Abuja — Nigeria's government has vowed to rescue 112 former schoolgirls believed to remain in Boko Haram captivity since they were kidnapped by the militants from the town of Chibok seven years ago.
A statement titled "Chibok Girls Still on Our Minds" was released by the presidency Thursday as Nigeria marked the anniversary of the kidnapping in Borno state. But parents and advocates accuse authorities of negligence and making empty promises.
"Seven years down, we're still asking for accountability and closure on 112 of them?" said Allen Manasseh, the media and publicity head of the Chibok community. "It's unacceptable. So the only deliverables that we think will translate into making their statements sensible is to see the girls being rescued."

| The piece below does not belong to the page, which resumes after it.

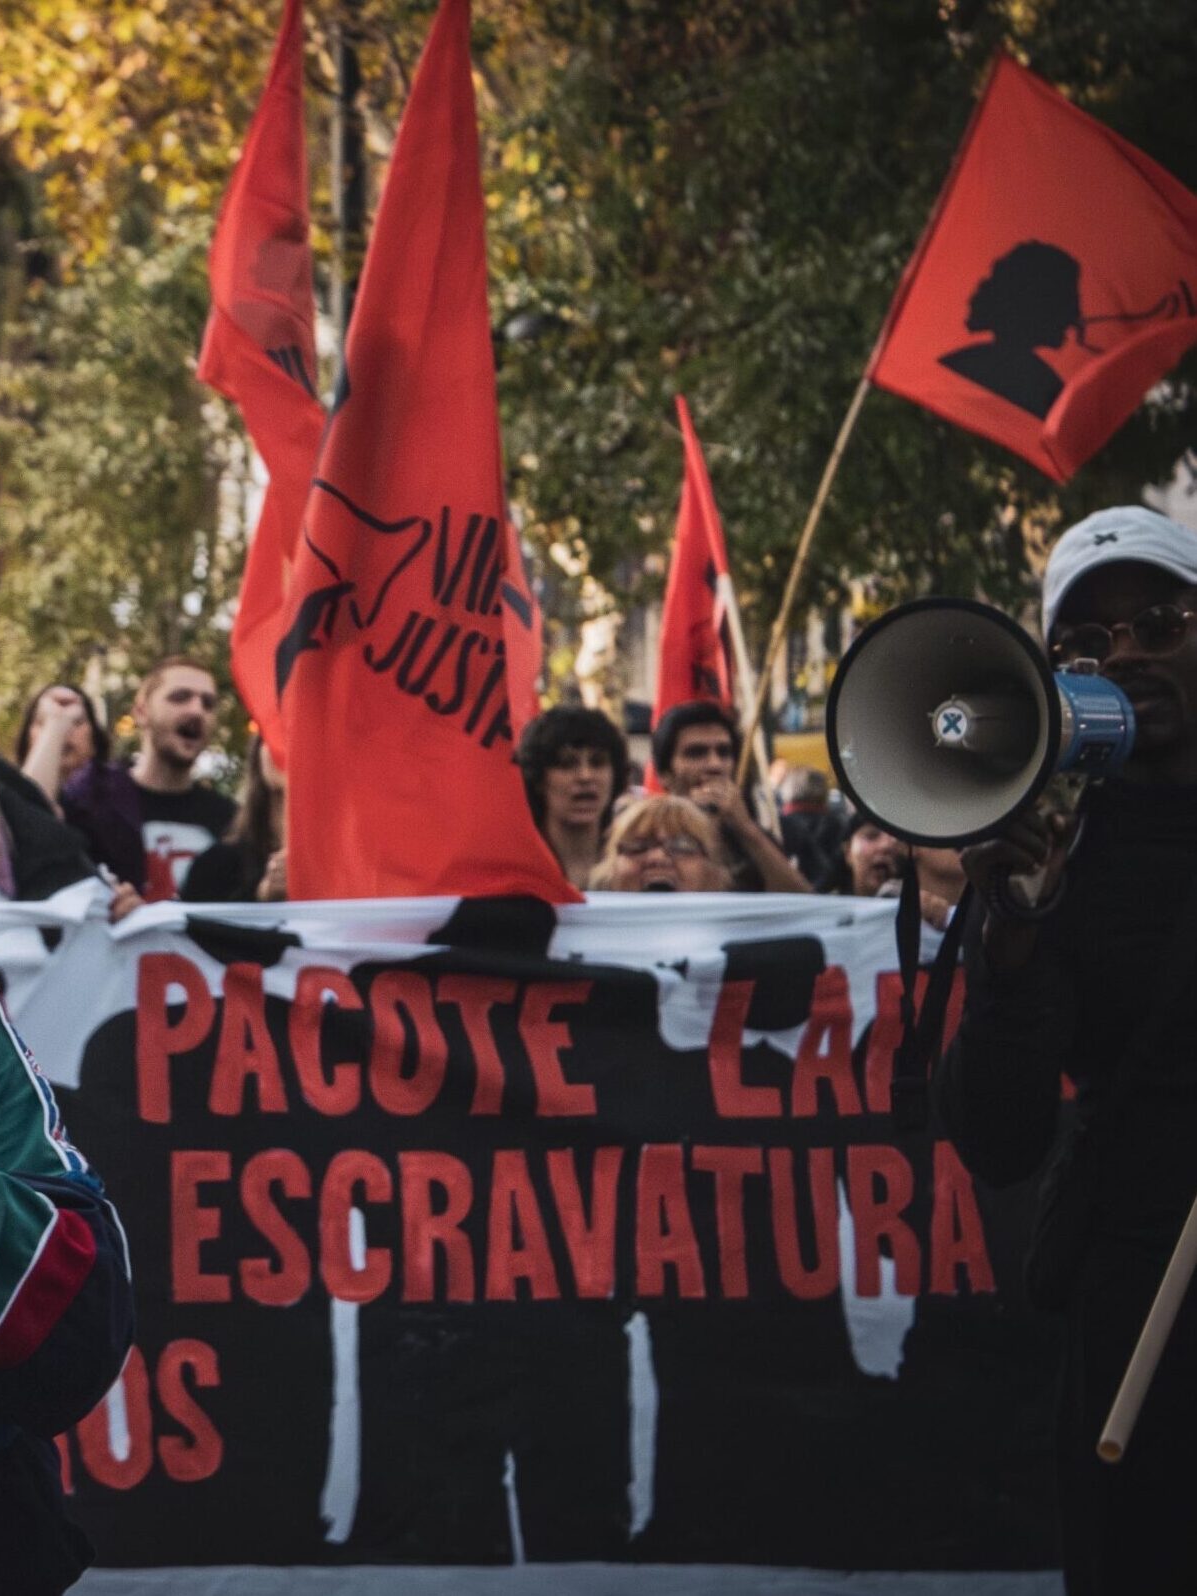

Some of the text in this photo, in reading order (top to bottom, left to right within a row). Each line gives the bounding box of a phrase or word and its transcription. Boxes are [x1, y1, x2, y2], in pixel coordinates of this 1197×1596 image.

[136, 951, 598, 1124] PACOTE
[171, 1140, 997, 1307] ESCRAVATURA
[53, 1337, 224, 1495] OS
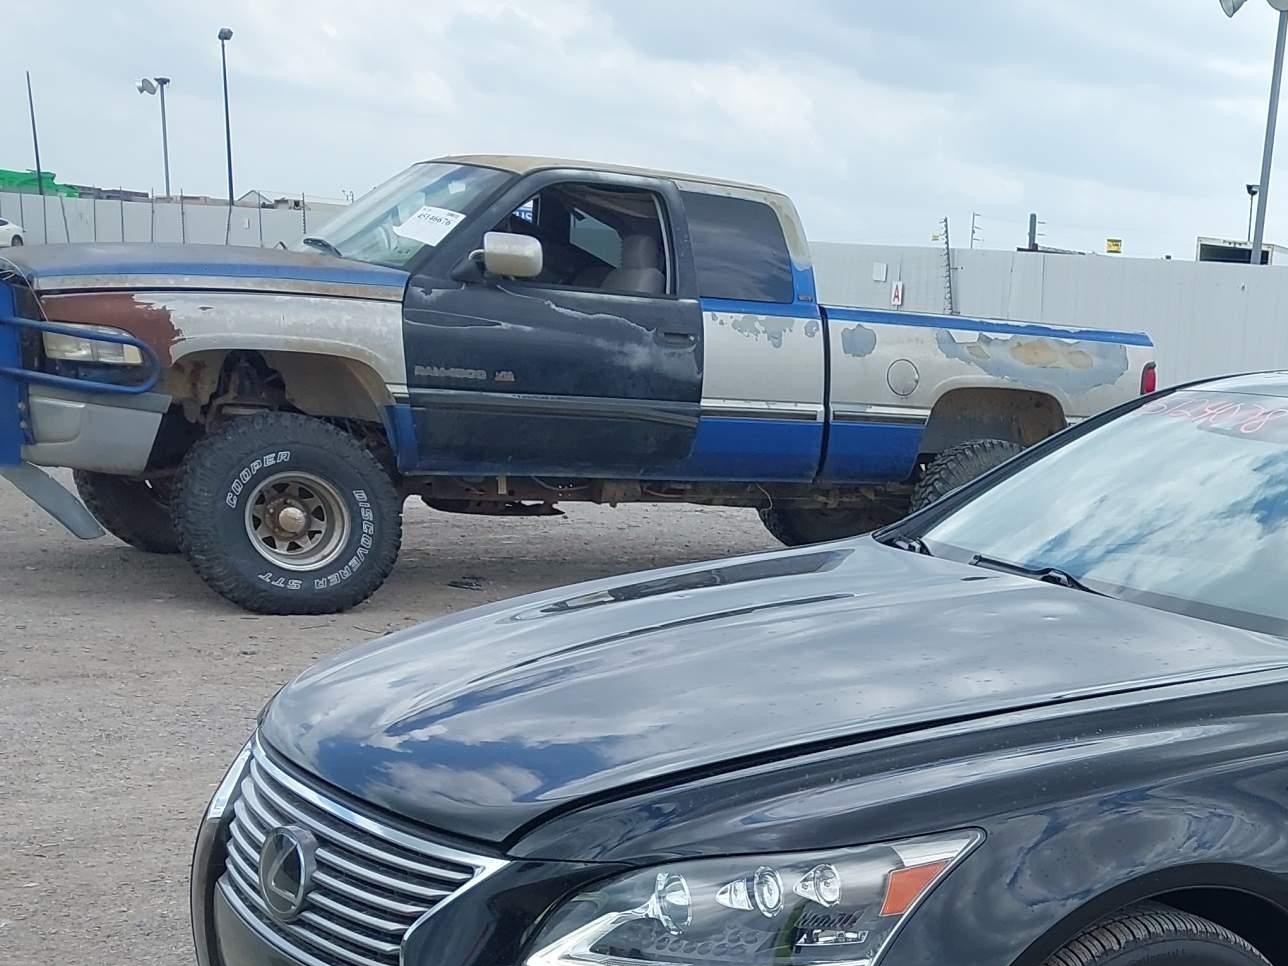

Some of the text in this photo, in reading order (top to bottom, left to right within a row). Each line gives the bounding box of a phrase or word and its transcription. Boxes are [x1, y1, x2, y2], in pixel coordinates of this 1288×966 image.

Around 503 girls were at the school the night of the Boko Haram abduction in April 2014. Out of 276 taken, more than 100 were freed through negotiations, while others managed to escape.

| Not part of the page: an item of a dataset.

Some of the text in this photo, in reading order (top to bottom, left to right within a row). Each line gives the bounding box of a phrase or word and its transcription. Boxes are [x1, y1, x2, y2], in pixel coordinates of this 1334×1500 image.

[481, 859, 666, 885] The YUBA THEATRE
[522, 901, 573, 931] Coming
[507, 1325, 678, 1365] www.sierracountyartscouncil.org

This week, to mark seven years of abduction, parents of the remaining girls gathered at the school to pray for their safe return.

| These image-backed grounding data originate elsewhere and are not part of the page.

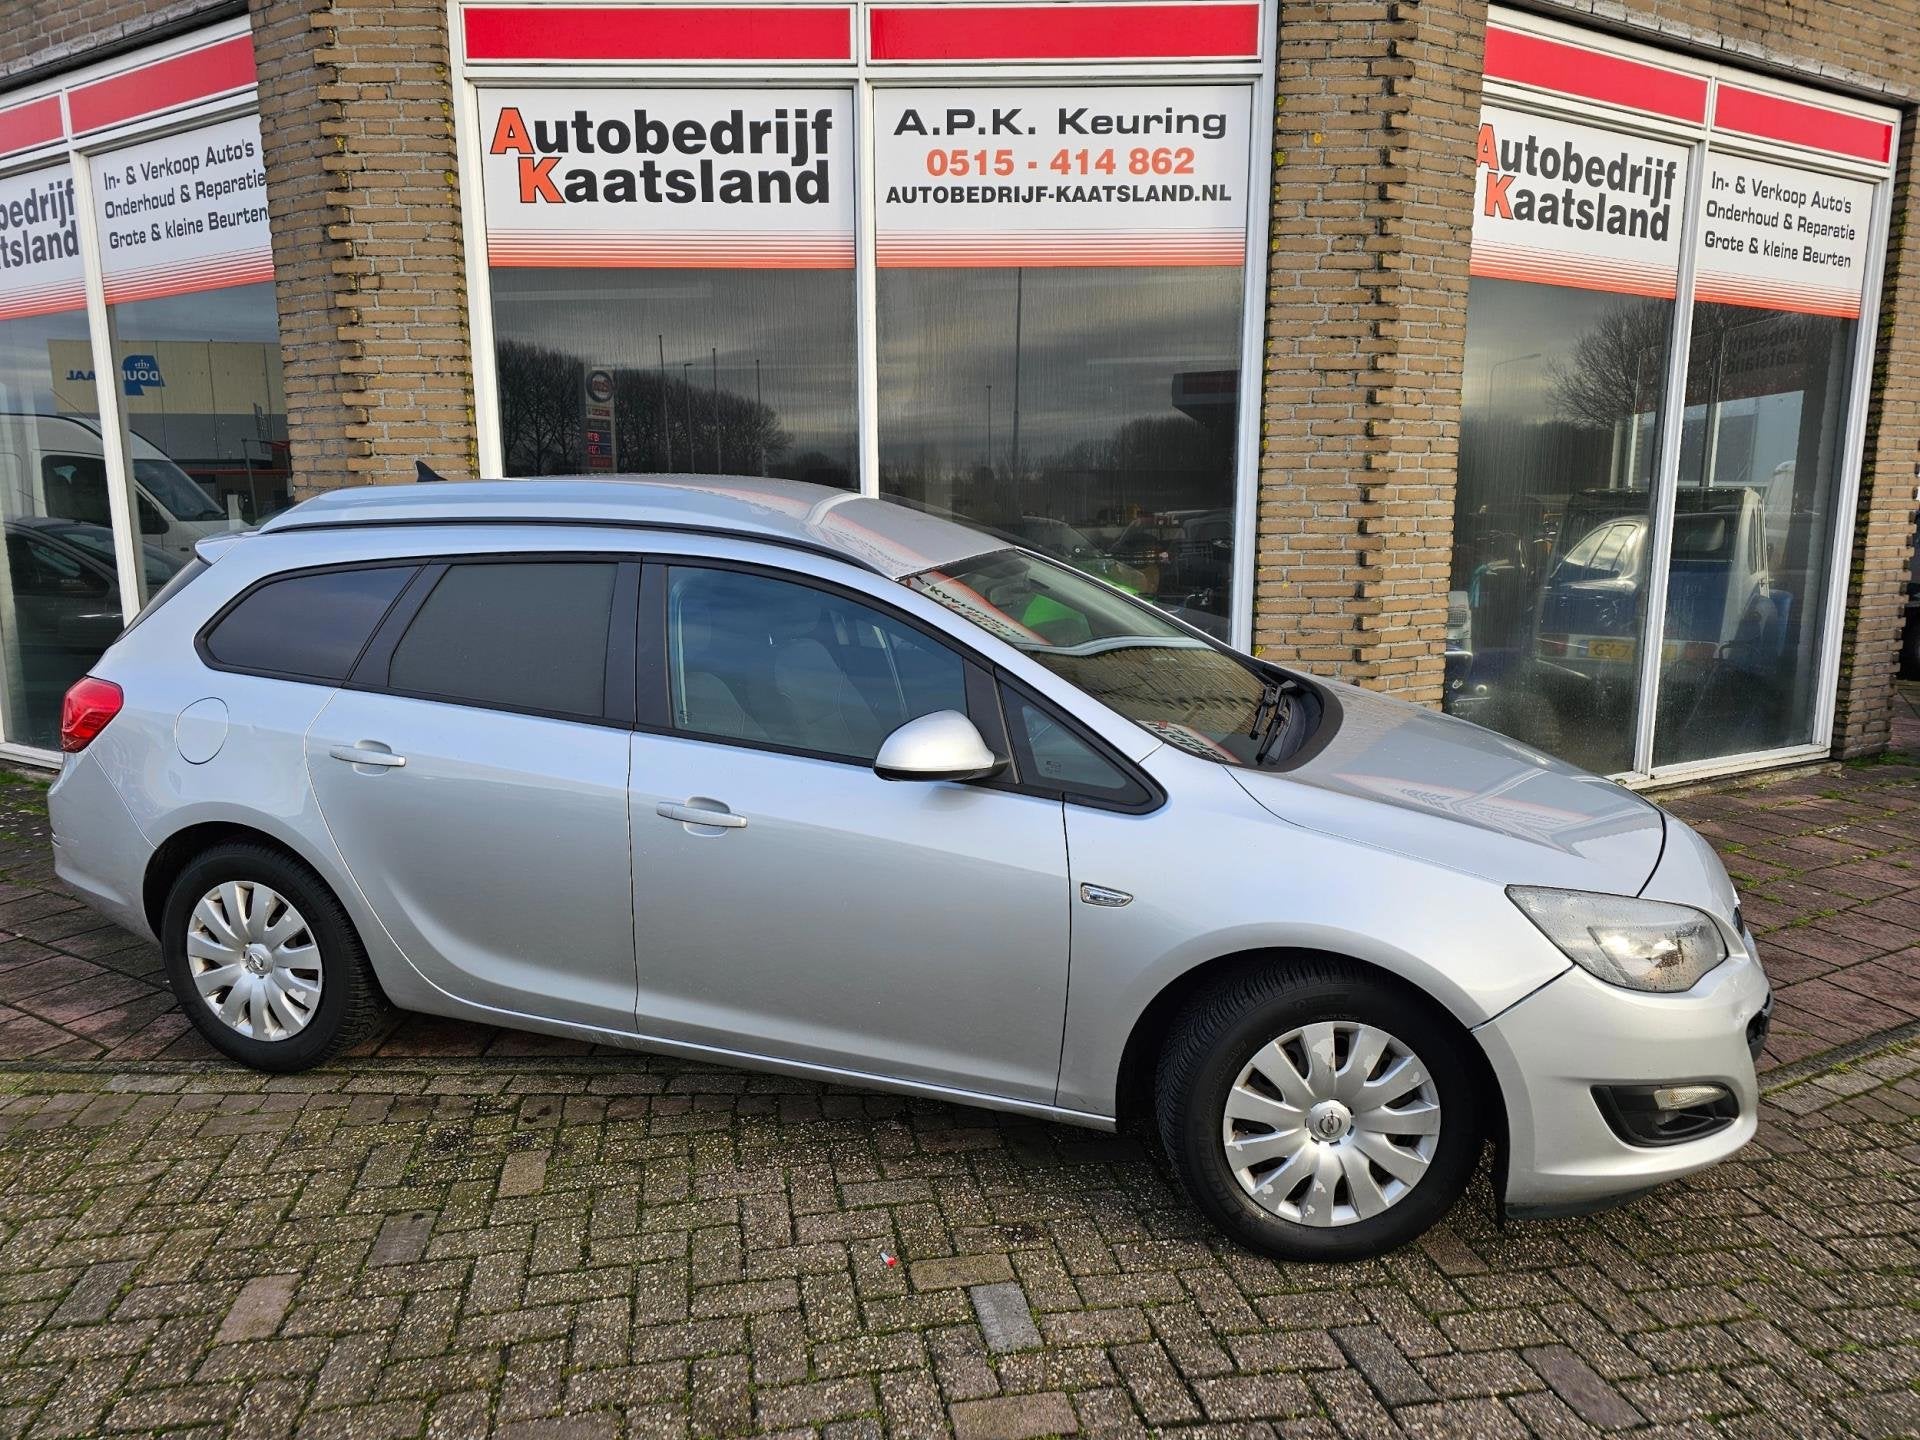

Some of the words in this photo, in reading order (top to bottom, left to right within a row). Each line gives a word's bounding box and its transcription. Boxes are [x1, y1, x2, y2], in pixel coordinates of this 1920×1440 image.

[489, 106, 832, 166] Autobedrijf
[893, 107, 1037, 136] A.P.K.
[1059, 107, 1227, 139] Keuring
[104, 172, 121, 191] In-
[126, 165, 138, 187] &
[140, 156, 200, 181] Verkoop
[206, 139, 255, 168] Auto's
[517, 156, 830, 205] Kaatsland
[926, 148, 1014, 177] 0515
[1050, 147, 1116, 176] 414
[1128, 147, 1195, 175] 862
[1476, 122, 1677, 209] Autobedrijf
[105, 187, 176, 219] Onderhoud
[181, 184, 192, 204] &
[195, 167, 266, 201] Reparatie
[885, 183, 1232, 204] AUTOBEDRIJF-KAATSLAND.NL
[1484, 172, 1671, 242] Kaatsland
[1711, 170, 1729, 191] In-
[1736, 176, 1746, 195] &
[1752, 178, 1807, 208] Verkoop
[1811, 190, 1852, 214] Auto's
[110, 229, 147, 250] Grote
[152, 223, 162, 242] &
[165, 219, 204, 240] kleine
[208, 206, 268, 232] Beurten
[1706, 199, 1779, 229] Onderhoud
[1784, 213, 1793, 230] &
[1798, 216, 1855, 241] Reparatie
[1705, 231, 1744, 253] Grote
[1749, 237, 1759, 255] &
[1763, 238, 1799, 260] kleine
[1803, 246, 1851, 268] Beurten

Manasseh said the government is mostly silent on the issue but merely targets anniversaries to issue statements.
"I don't see anything changing ... we keep demanding accountability and we're not seeing it. Schools cannot be safe when you allow insurgents, when you allow terrorists to keep shifting the goalposts," Manasseh said.
In recent months, several other mass kidnappings of students have occurred in northern Nigeria, leading to school closures.
A new Amnesty International report said more than 600 schools in the north have closed due to insecurity since December.
"We know, for example, in states like Katsina, Yobe, Kaduna and Zamfara, the authorities' only response to the abduction of schoolchildren is to close down schools, and this is something that is very worrying," said Seun Bakare, a spokesperson at Amnesty International.
Nigeria has the highest number of school dropouts globally according to UNICEF, mostly due to insecurity in the north, where school enrollment and literacy levels are very low.
While many parents continue to wait and hope, advocates and Amnesty International are urging authorities to make schools safer.